I think if it was just Ghost and the newly-born wraith, he'd try to mercy-kill it. The circumstances that lead to the creation of a wraith are truly harrowing, and while Simon understands the desire for revenge that burns at the core of every freshly made wraith, he also believes their plight is a kind of torture. In his mind, it would be kind to put one out of their misery. He wouldn't take any pleasure in it - I think overall, it would be a miserable affair for all parties involved.
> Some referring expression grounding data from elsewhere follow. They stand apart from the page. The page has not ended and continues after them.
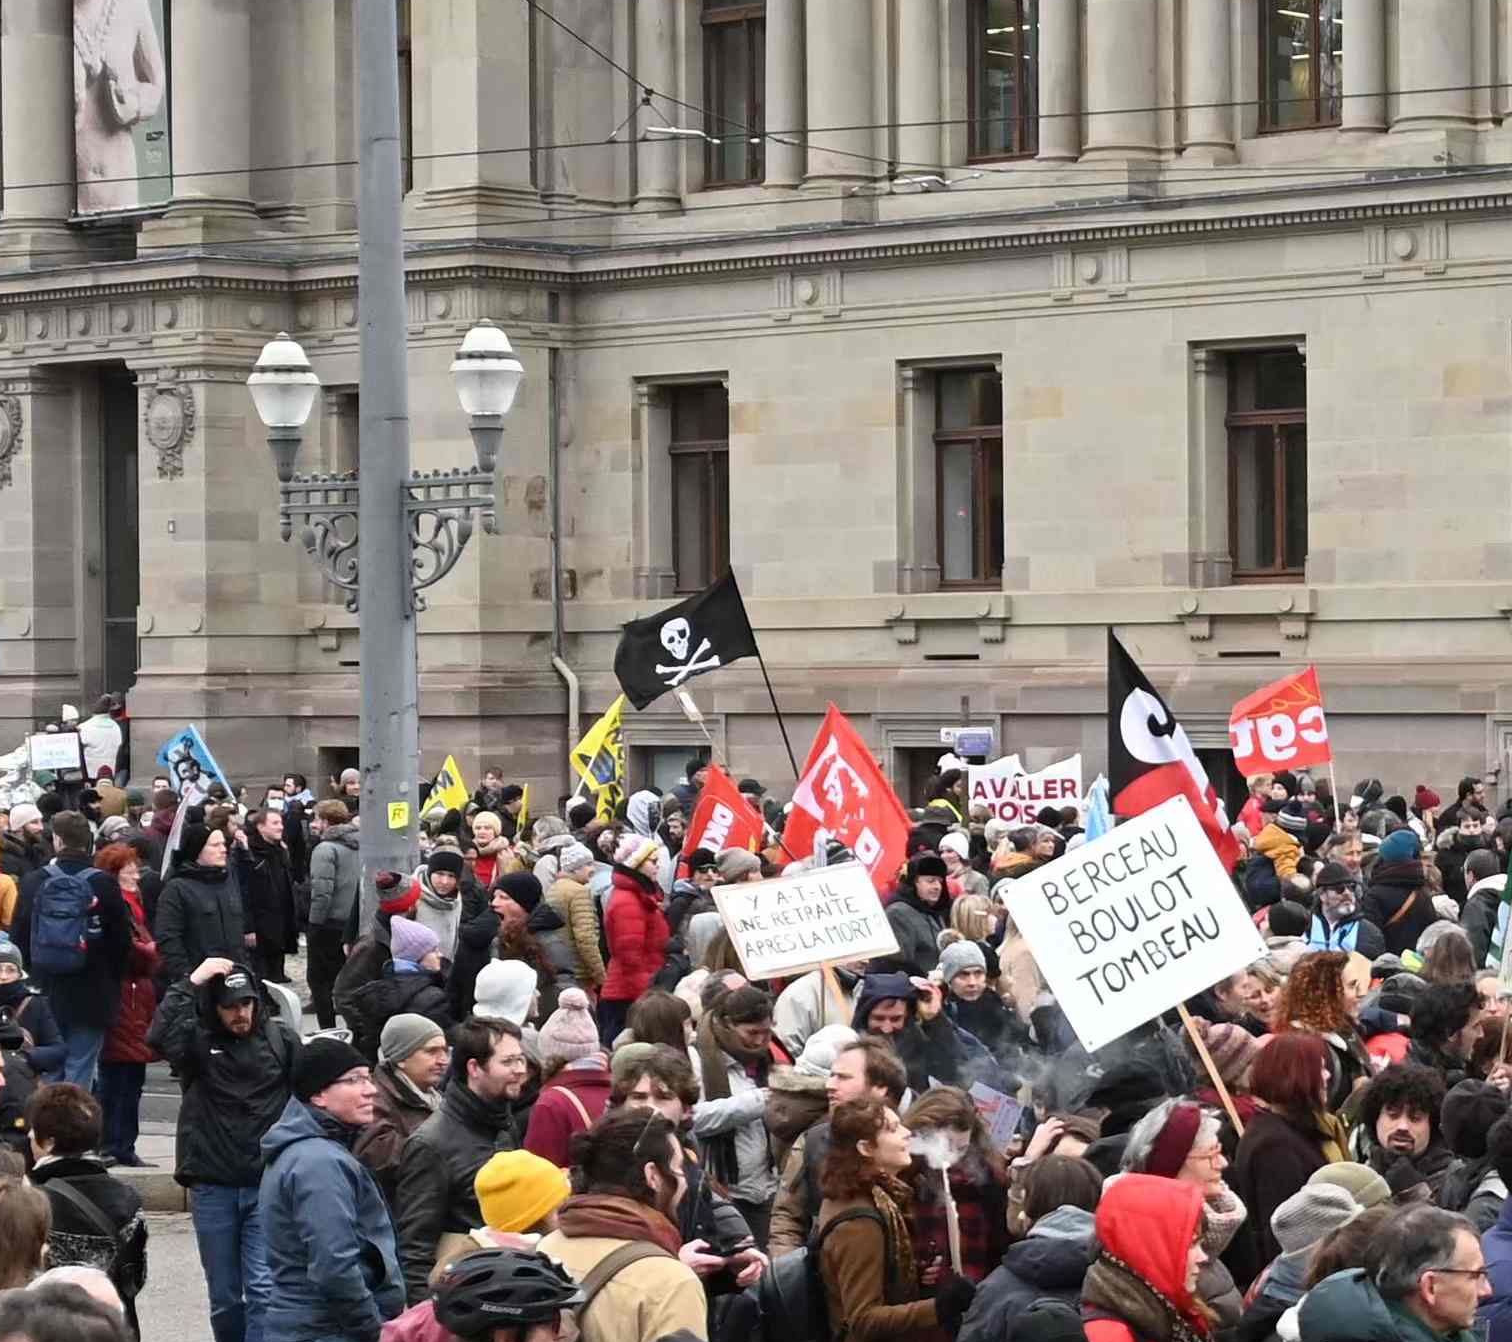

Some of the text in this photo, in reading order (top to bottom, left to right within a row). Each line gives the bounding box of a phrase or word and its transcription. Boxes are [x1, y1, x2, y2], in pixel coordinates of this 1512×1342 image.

[746, 882, 839, 911] Y A-T-IL
[1040, 823, 1178, 916] BERCEAU
[733, 896, 861, 934] UNE RETRAITE
[798, 928, 826, 951] LA
[825, 916, 875, 947] MORT
[1068, 864, 1193, 955] BOULOT
[1076, 907, 1221, 1006] TOMBEAU
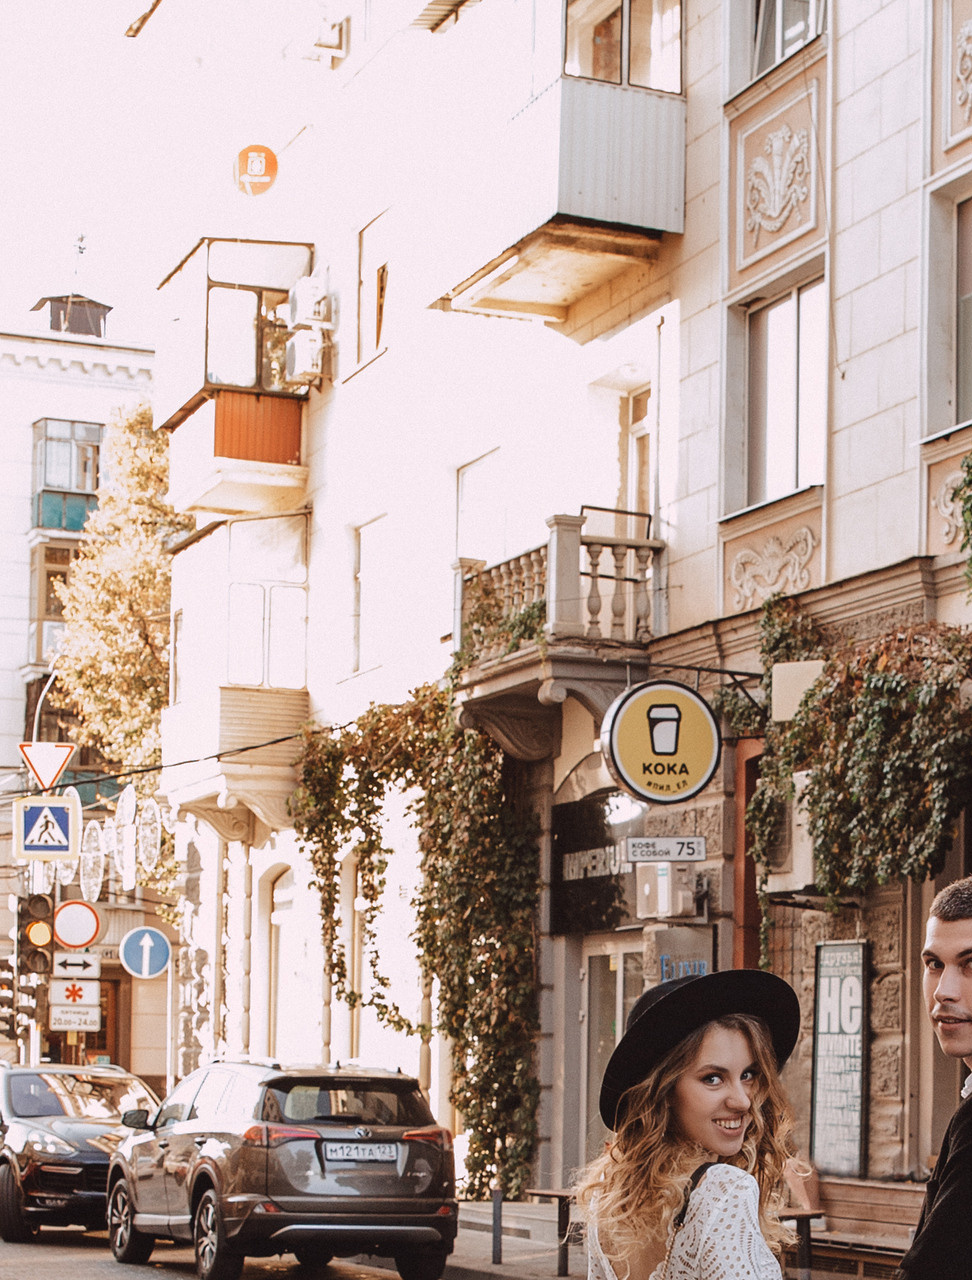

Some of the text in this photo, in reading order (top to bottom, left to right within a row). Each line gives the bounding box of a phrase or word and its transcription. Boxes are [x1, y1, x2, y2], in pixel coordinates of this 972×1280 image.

If Price or any of the others were around, I think they’d try to convince him to take them under his wing so to speak. But while Ghost currently operates decently with his support system, he’s extremely lucky and should be considered the exception to the trend. Price was instrumental in his recovery - years of working under him solidified Price in his subconscious as an authority figure he could trust. When Ghost lost control, he could still rely on instinct - even with his mind fracturing, Price never changed. But not everyone has this kind of person immediately available to them, and it was crucial that Price got to him as soon as he did. What Ghost is now is not what a wraith commonly looks like. Price dragged him back from a brink.
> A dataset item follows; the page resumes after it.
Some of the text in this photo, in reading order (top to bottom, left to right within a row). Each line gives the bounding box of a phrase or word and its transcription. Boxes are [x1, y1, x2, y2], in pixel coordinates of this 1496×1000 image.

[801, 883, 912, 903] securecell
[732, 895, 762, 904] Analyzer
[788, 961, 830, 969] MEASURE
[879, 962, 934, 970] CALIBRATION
New wraiths are sort of like rabid dogs, with no sense of self preservation. They’d approach every confrontation with the kind of frenzy you’d see in someone fighting for their life. They’d also be basically impossible to immobilize - you’ve seen how Simon goes wispy at times, imagine trying to handcuff a cloud of smoke. If it came down to a situation where any of the 141 were in danger, Ghost wouldn’t hold back. He’d put the other wraith down.
But if Ghost met another wraith who’d survived that first explosion of fury and managed to calm down, AND the 141 were with him, I think he’d try to help. They bring out the best in him.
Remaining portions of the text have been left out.